Thou glorious mirror, where the Almighty's form

Classes itself in tempest: in all time, Calm or convulsed-in breeze, or gale, or storm, Icing the pole, or in the torrid clime Dark-heaving—boundless, endless, and sublime—

The image of eternity—the throne Of the invisible; even from out thy slime The monsters of the deep are made; each zone Obey thee: thou goest forth, dread, fathomless, alone,

В этот момент мои мечты были прерваны тяжелой рукой сурового капитана корабля, опустившейся на мое плечо, и он произнес:

«Послушай-ка, парень! Не ты ли тот малый, которого поставили командовать этими людьми?»

Я подтвердил, что дело обстоит именно так.

«Ну так вот, — сказал капитан, — я хочу, чтобы ты занялся своим делом и привел их в порядок, дабы мы могли вычистить палубы».

Я отвернулся от фальшборта, через который созерцал бескрайнюю пучину, и увидел самую жалкую, унылую картину, какую только может вообразить человеческое воображение. Каждый маменькин сынок страдал ужасной морской болезнью. Они платили дань за переедание в Уилмингтоне; и каждое лицо выглядело так, будто его хозяин впервые обнаружил, в чем заключаются истинные глубины человеческого страдания. Все они казались испуганными тем, что не умрут; словно молили о смерти, но были уверены, что она самым позорным образом прокатила их.

Мы немного привели их в чувство, обмыли их и палубы с помощью шланга, а затем я отправился вниз в трюм, чтобы посмотреть, как обстоят дела у тех шестисот человек, что находились там. Парни внизу страдали от болезни куда сильнее тех, что на палубе. Когда я приподнял люк, оттуда поднялся запах, который казался достаточно сильным, чтобы приподнять сами доски настила. Казалось, весь лук, выданный нам в Уилмингтоне, лежал там на последних стадиях разложения. Все те семьдесят отчетливых запахов, которые Кольридж насчитал в Кельне, можно было обнаружить в любом отдельно взятом кубическом футе воздуха, в то время как следующий фут обладал совершенно иным и столь же выразительным «букетом».

Я отпрянул назад и прислонился к фальшборту, но вскоре набрался храбрости, спустился до середины трапа и рявкнул как можно более суровым тоном:

«А ну-ка! Я хочу, чтобы вы, ребята, немедленно привели себя в порядок и помогли навести чистоту!»

Они были так же злы и раздражительны, как и больны. Больше всего на свете они жаждали получить предоставленную мной возможность выругаться и сорвать злость на ком-нибудь. Каждый из них приподнялся на локте и, грозя мне кулаком, заорал:

«О, пошел ты в ——, ты, —— —— ——. Только спустись еще на одну ступеньку, и я вышибну из тебя всю душу».

Я не стал спускаться дальше.

Когда я вернулся на палубу, мой желудок начал подавать тошнотворные сигналы. Какой-то несчастный идиот, могилу деда которого, как выразились бы турки, я надеюсь, осквернили ослы, сообщил мне, что лучшим средством против морской болезни является выпивка молочного пунша в максимальных количествах.

Подобно другому идиоту, я так и сделал.

Я снова подошел к борту судна, но теперь очарование пейзажа полностью испарилось. Беспокойные волны казались мрачными, свирепыми, алчными и вызывающими головокружение; они словно царапали, терзали и дергали борющийся с ними корабль так, как стая огромных львов дразнит и треплет пойманную собаку. Они изводили и его, и всех находившихся на борту ударами, которые швыряли судно в одну сторону, но не успевало оно качнуться на всю длину этого импульса, как его подхватывал с противоположной стороны сокрушительный удар, швырявший в другую сторону — лишь для того, чтобы встретить новый грубый пинок уже с совершенно иного направления.

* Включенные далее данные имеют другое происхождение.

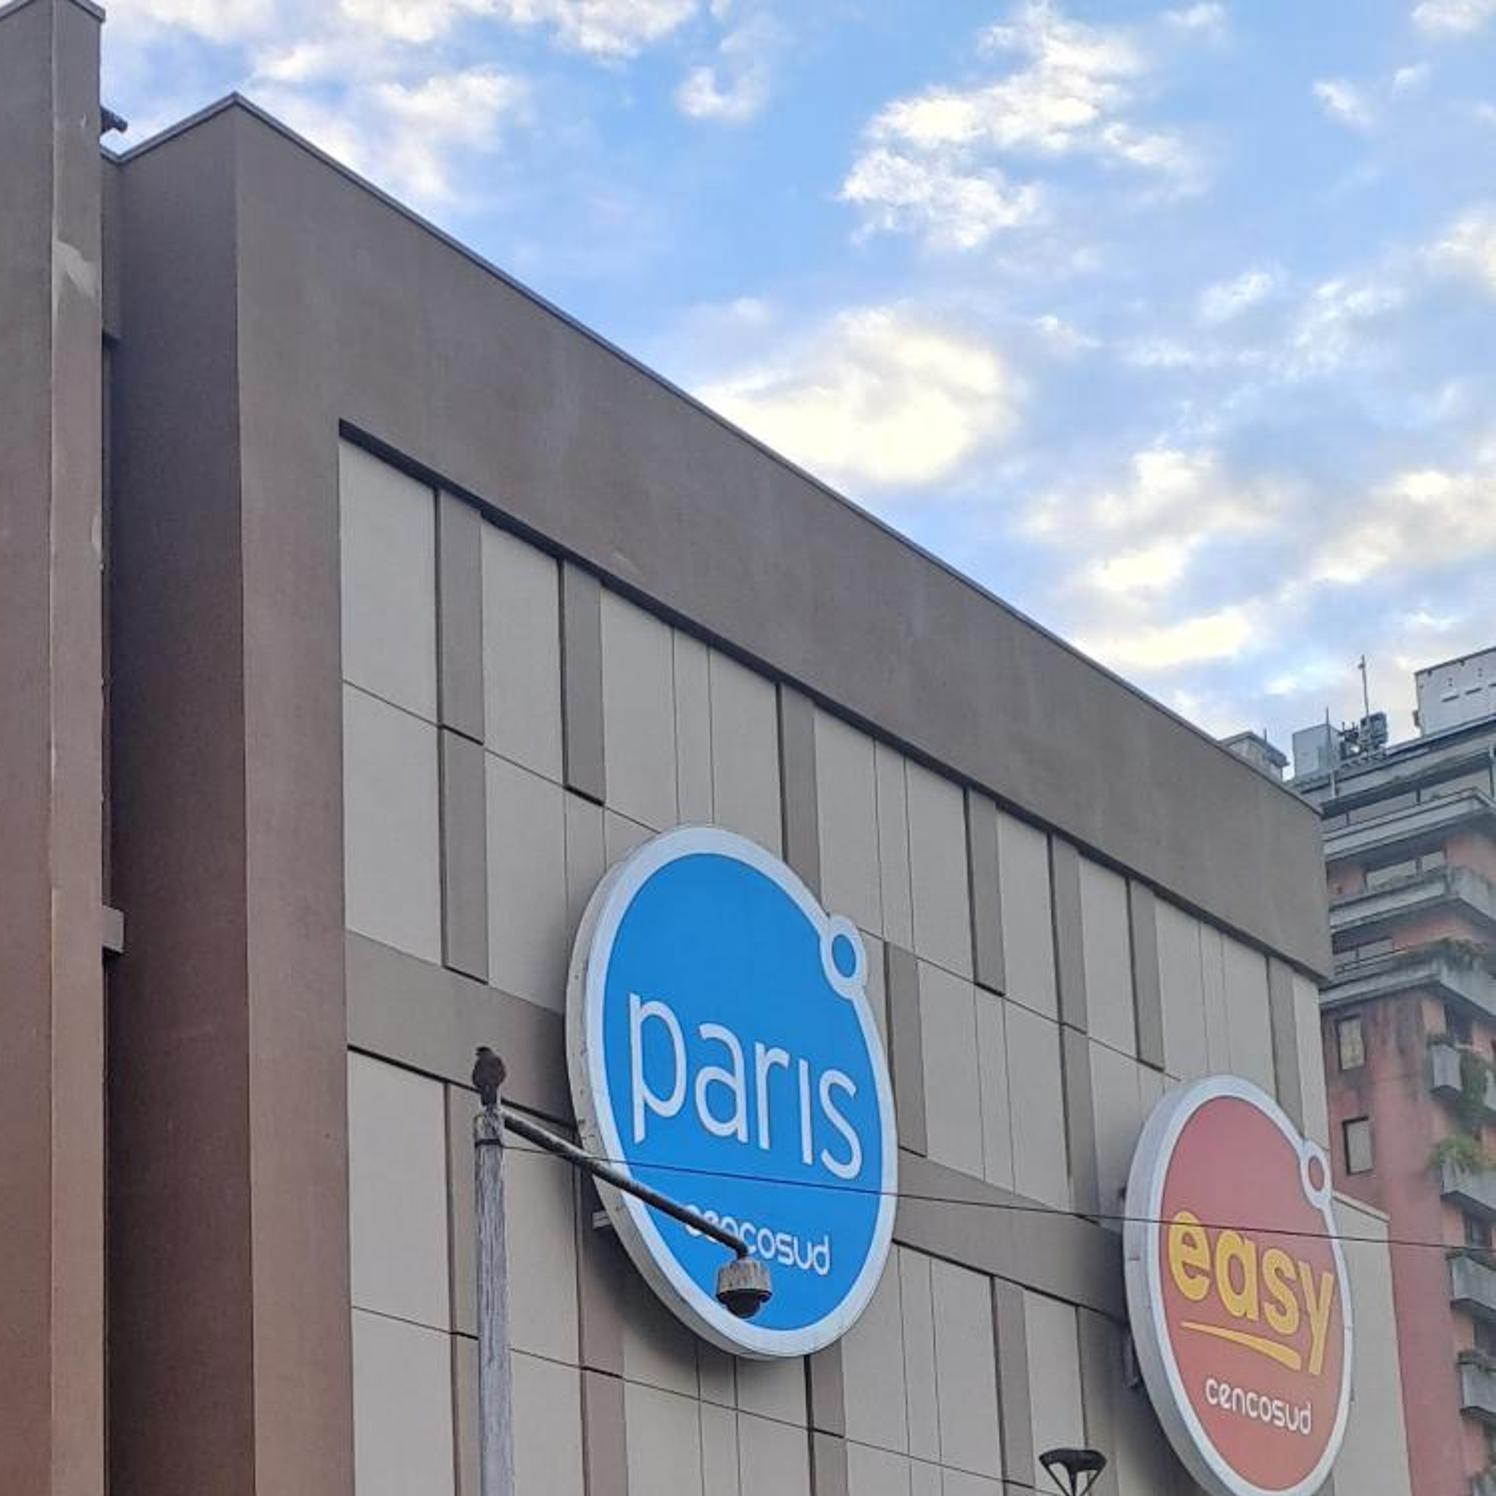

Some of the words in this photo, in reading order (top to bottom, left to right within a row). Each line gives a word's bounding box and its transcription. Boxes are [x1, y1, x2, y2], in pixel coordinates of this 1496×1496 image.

[628, 992, 863, 1180] paris
[1167, 1211, 1335, 1376] easy
[1205, 1377, 1312, 1436] cencosud

Я думал, мы бы все это вынесли, если бы качка была похожа на качели — вперед и назад — или даже если бы движение вперед-назад осложнялось качанием из стороны в сторону, но подвергаться каждому возможному головокружительному движению за кратчайший промежуток времени оказалось выше сил голов из железа и желудков из латуни.

Мои же не были сделаны из столь прочного материала.

Они начали мятежные выступления в отношении молочного пунша.

Я стал задаваться вопросом, не был ли этот молочный коктейль той отвратительной пивной бурдой помойно-отстойного типа, о которой я так много слышал.

А виски в нем... говоря выразительным вестернизмом, описывающим дрянное виски, мне казалось, что я чувствую запах ног парня, пахавшего кукурузу, из которой его перегнали.

Затем съеденный мною в Уилмингтоне лук взбунтовался и поднял хлеб, мясо и кофе на желудочное восстание, и я почувствовал себя настолько бесконечно несчастным, что жизнь больше не представляла никакой привлекательности.

Пока я, перегнувшись через фальшборт, размышлял о полной никчемности всего земного, капитан судна грубо схватил меня за плечо и сказал:

«Послушай, ты просто черт знает как командуешь этими людьми! Какого хрена ты не соберешься, не зашевелишься и не заставишь этих парней подчиняться или не отлупишь их по голове шпирцгатом! А теперь я хочу, чтобы ты занялся делом. Ты меня понял?»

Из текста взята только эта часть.